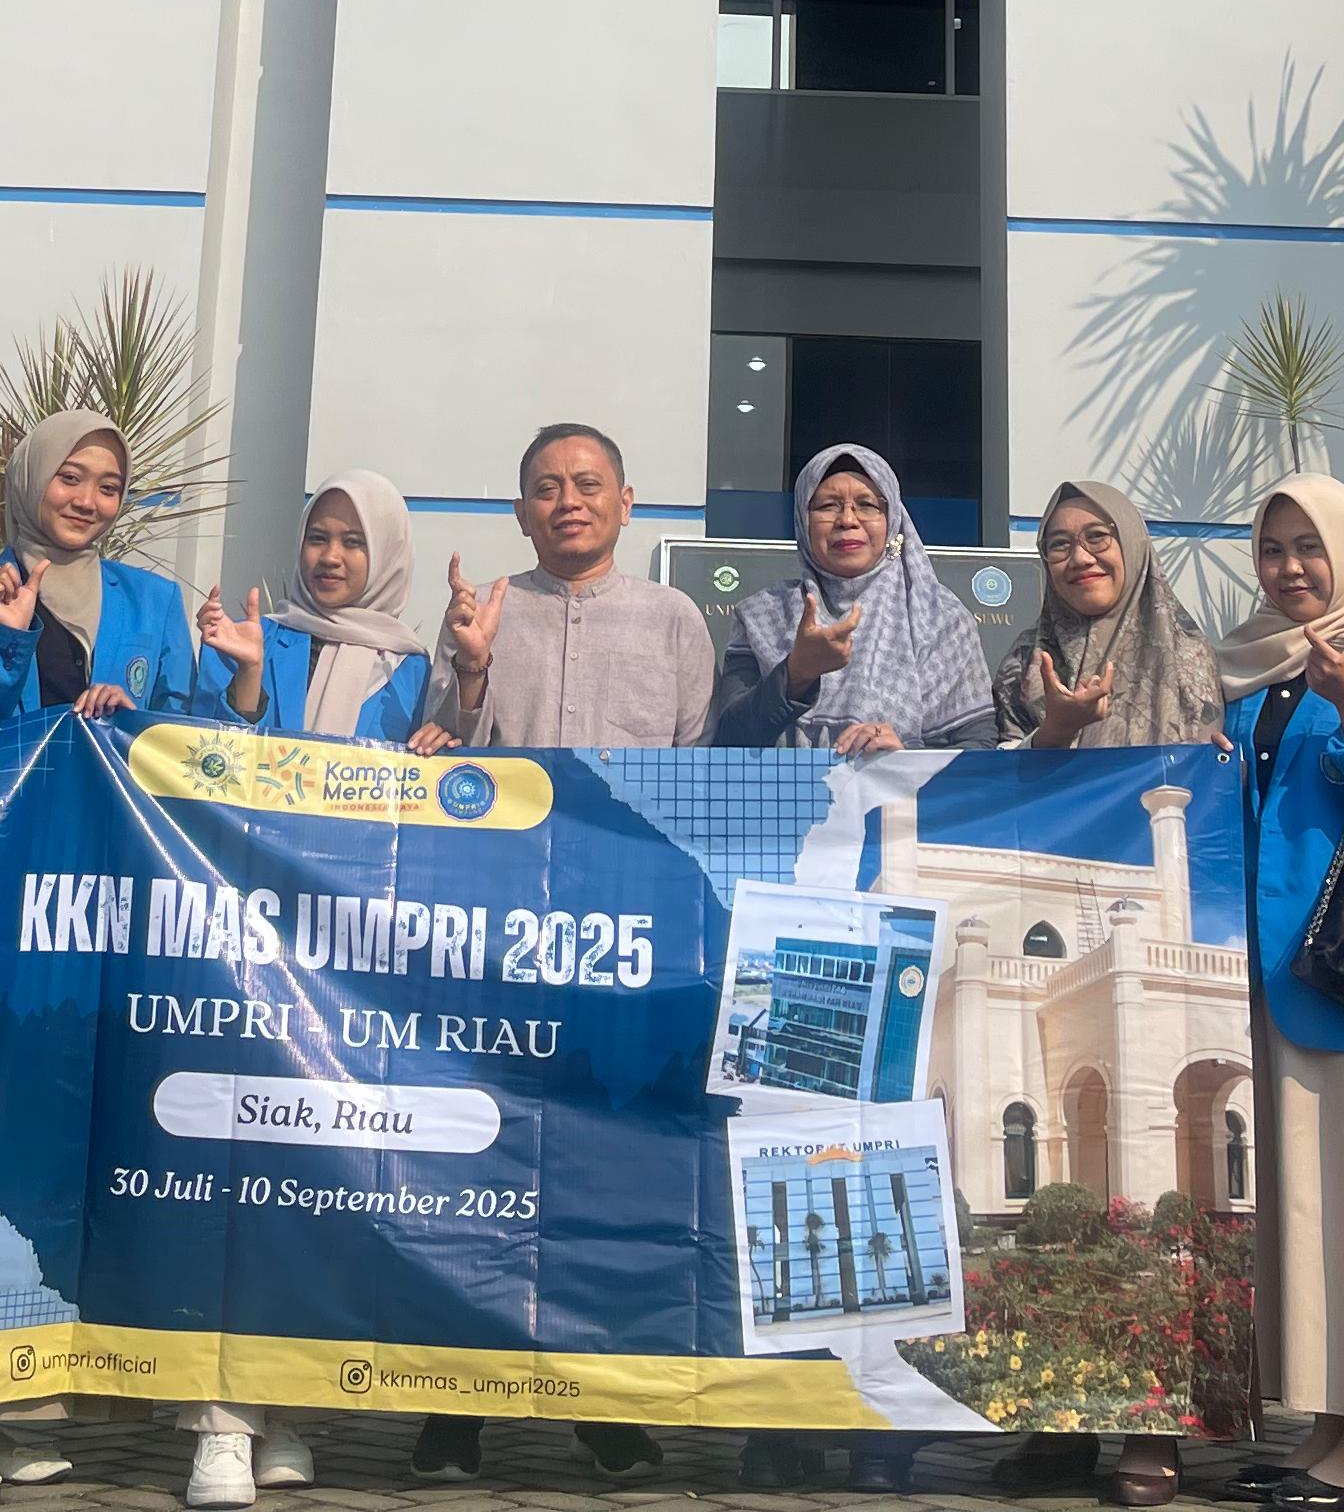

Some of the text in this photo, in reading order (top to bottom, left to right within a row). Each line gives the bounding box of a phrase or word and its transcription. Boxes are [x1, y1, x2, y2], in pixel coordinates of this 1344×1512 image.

[325, 761, 421, 786] Kampus
[323, 782, 428, 801] Merdeka
[19, 873, 653, 988] KKN MAS UMPRI 2025
[127, 993, 294, 1040] UMPRI
[340, 1008, 421, 1050] UM
[436, 1014, 562, 1058] RIAU
[237, 1094, 413, 1135] Siak, Riau
[853, 1139, 900, 1152] UMPRI
[109, 1168, 149, 1197] 30
[154, 1171, 214, 1202] Juli
[238, 1176, 271, 1205] 10
[277, 1178, 450, 1216] September
[455, 1188, 538, 1219] 2025
[42, 1350, 157, 1375] umpri.official
[380, 1370, 580, 1399] kknmas_umpri2025
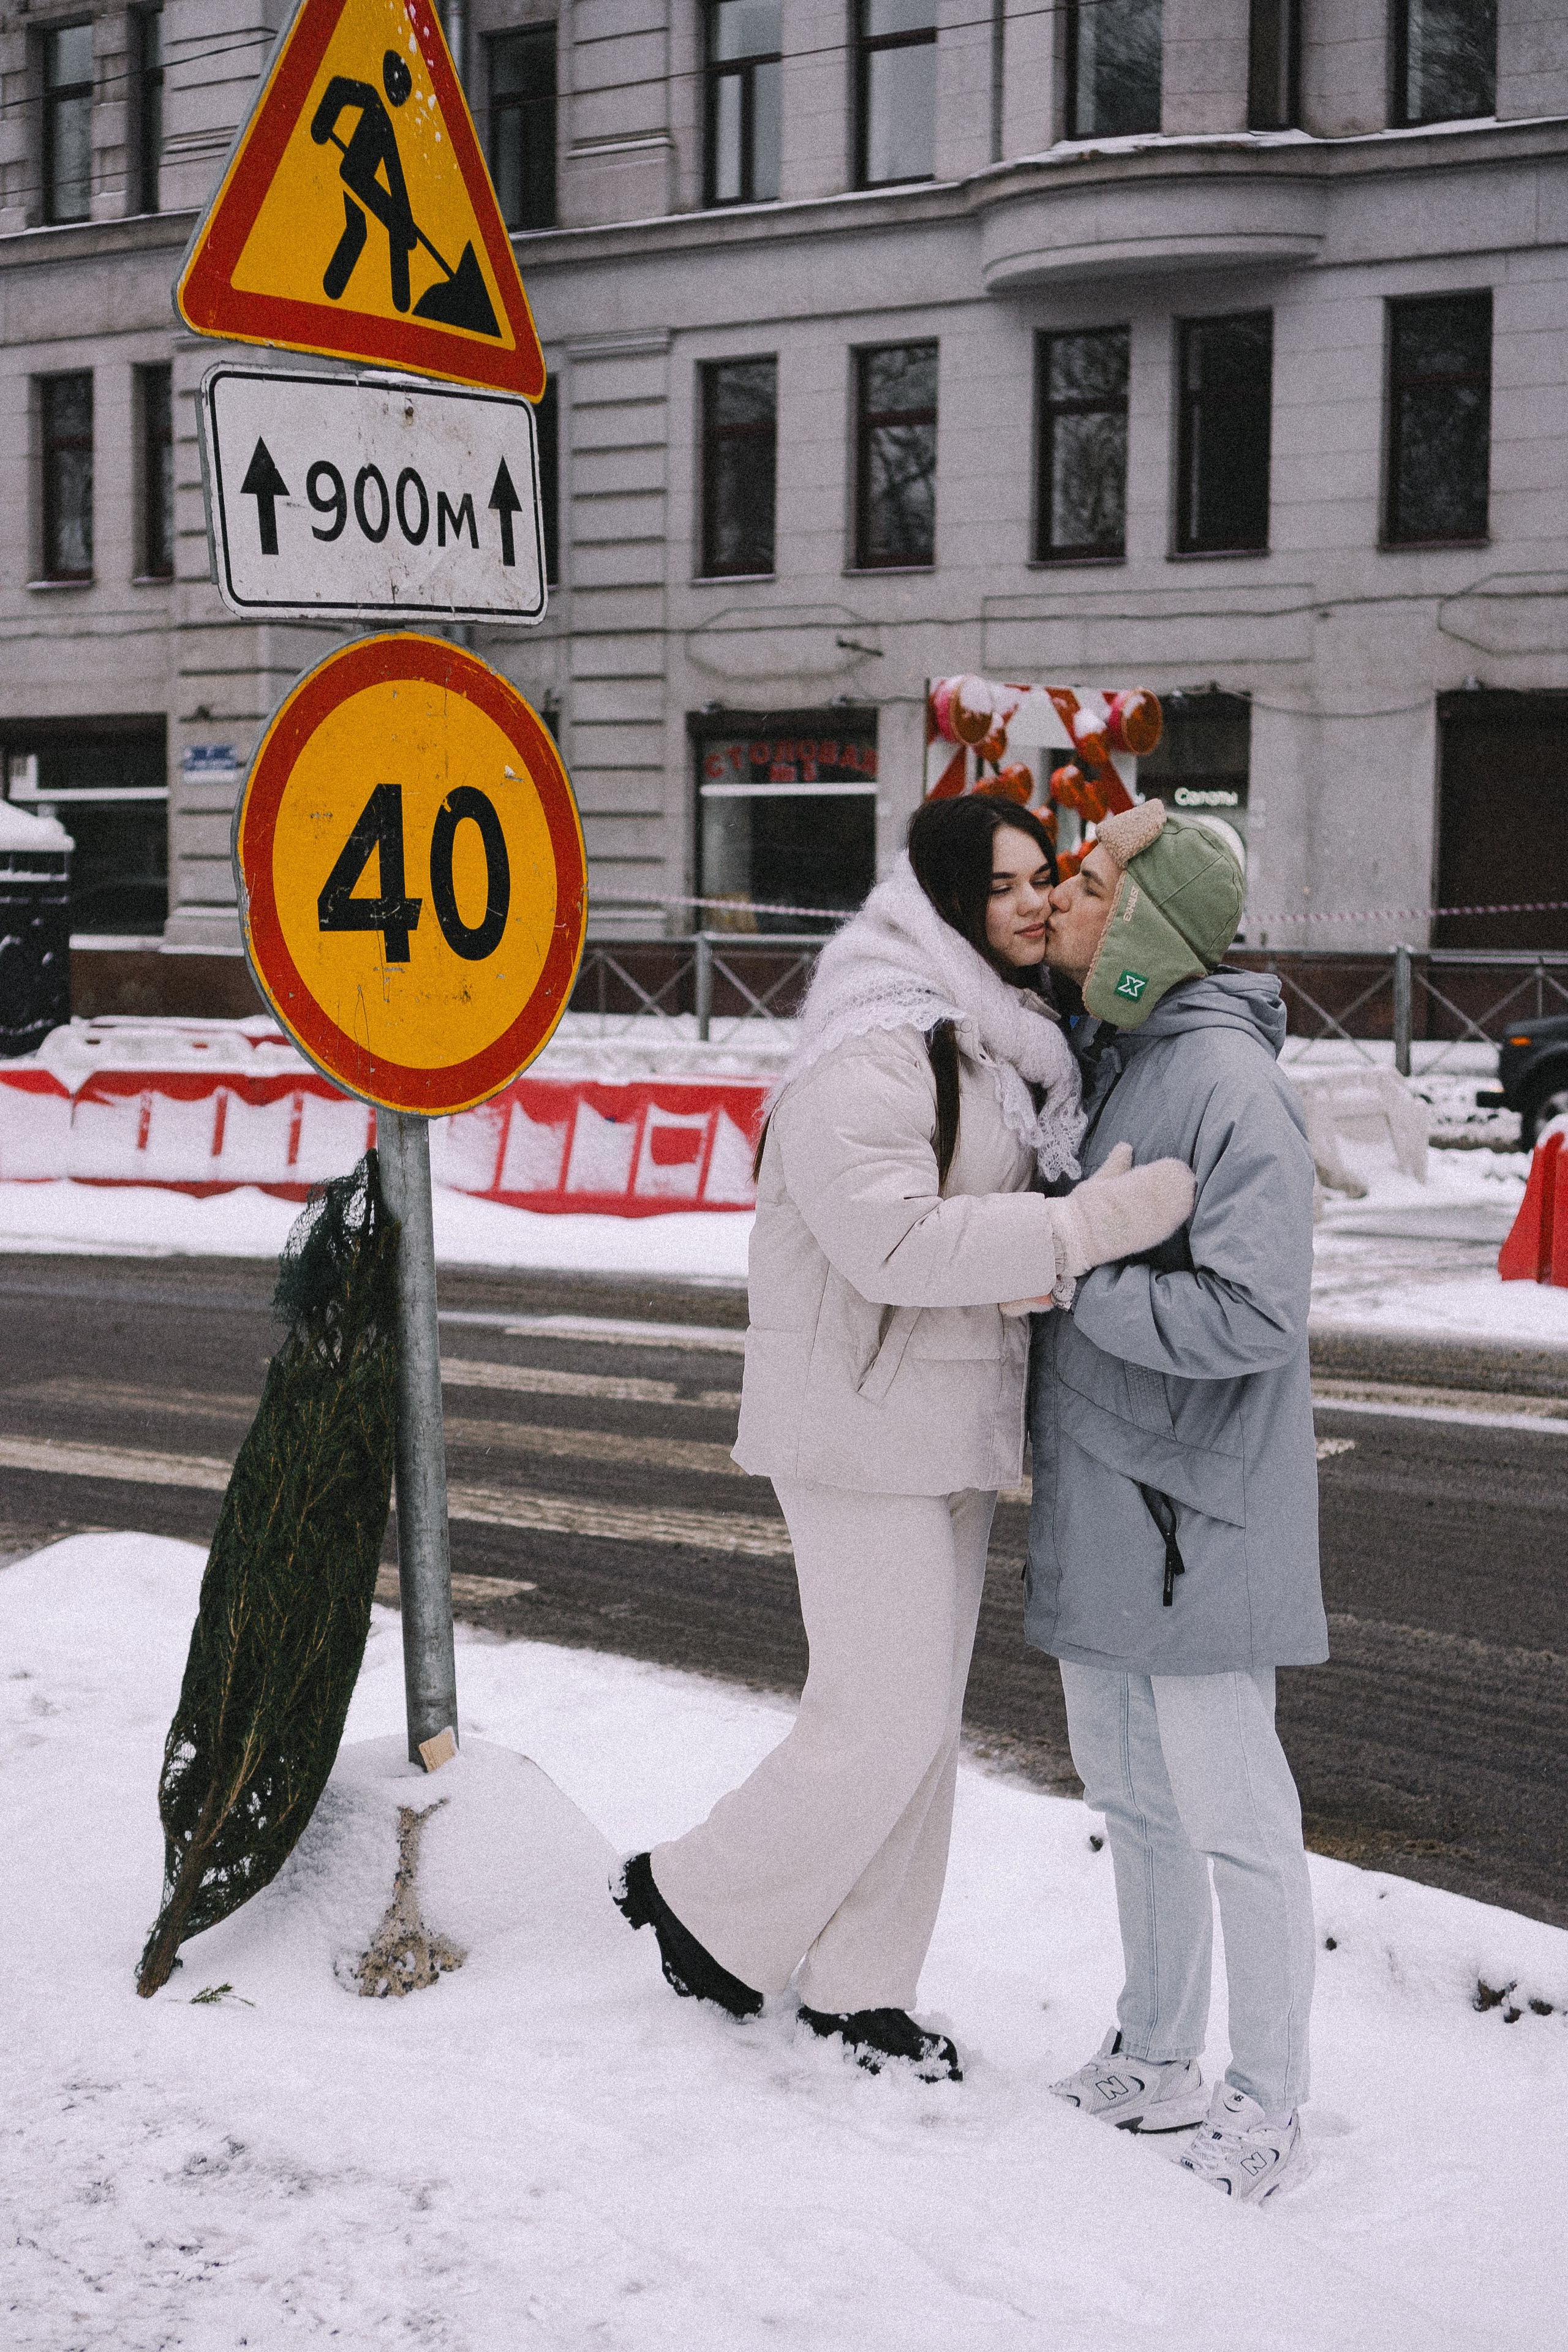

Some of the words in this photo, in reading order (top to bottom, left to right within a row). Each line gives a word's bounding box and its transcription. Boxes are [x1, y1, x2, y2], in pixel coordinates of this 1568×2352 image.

[705, 739, 878, 778] СТОЛОВАЯ
[317, 783, 511, 963] 40
[1095, 2075, 1129, 2100] N
[1240, 2151, 1267, 2176] N

───

■ **Prompt**:
Write out each line again, exactly as it appears above, except for any picture.

■ **Solved exercise**:
Some of the text in this photo, in reading order (top to bottom, left to right within a row). Each line gives the bounding box of a phrase or word and its transcription. Boxes are [x1, y1, x2, y2], in pixel coordinates of this 1344×1512 image.

[325, 761, 421, 786] Kampus
[323, 782, 428, 801] Merdeka
[19, 873, 653, 988] KKN MAS UMPRI 2025
[127, 993, 294, 1040] UMPRI
[340, 1008, 421, 1050] UM
[436, 1014, 562, 1058] RIAU
[237, 1094, 413, 1135] Siak, Riau
[853, 1139, 900, 1152] UMPRI
[109, 1168, 149, 1197] 30
[154, 1171, 214, 1202] Juli
[238, 1176, 271, 1205] 10
[277, 1178, 450, 1216] September
[455, 1188, 538, 1219] 2025
[42, 1350, 157, 1375] umpri.official
[380, 1370, 580, 1399] kknmas_umpri2025

Some of the words in this photo, in reading order (top to bottom, left to right within a row). Each line gives a word's bounding box and its transcription. Boxes are [x1, y1, x2, y2], in pixel coordinates of this 1568×2352 image.

[705, 739, 878, 778] СТОЛОВАЯ
[317, 783, 511, 963] 40
[1095, 2075, 1129, 2100] N
[1240, 2151, 1267, 2176] N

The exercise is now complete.